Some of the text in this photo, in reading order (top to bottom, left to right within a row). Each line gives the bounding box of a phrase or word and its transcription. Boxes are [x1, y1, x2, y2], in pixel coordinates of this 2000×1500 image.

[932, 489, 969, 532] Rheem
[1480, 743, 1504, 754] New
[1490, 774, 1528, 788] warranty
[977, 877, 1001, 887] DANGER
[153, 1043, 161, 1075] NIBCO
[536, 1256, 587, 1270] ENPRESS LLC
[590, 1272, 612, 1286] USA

────────────────────

For the records above, restate every line word for word.

Some of the text in this photo, in reading order (top to bottom, left to right within a row). Each line gives the bounding box of a phrase or word and its transcription. Boxes are [x1, y1, x2, y2], in pixel coordinates of this 2000×1500 image.

[932, 489, 969, 532] Rheem
[1480, 743, 1504, 754] New
[1490, 774, 1528, 788] warranty
[977, 877, 1001, 887] DANGER
[153, 1043, 161, 1075] NIBCO
[536, 1256, 587, 1270] ENPRESS LLC
[590, 1272, 612, 1286] USA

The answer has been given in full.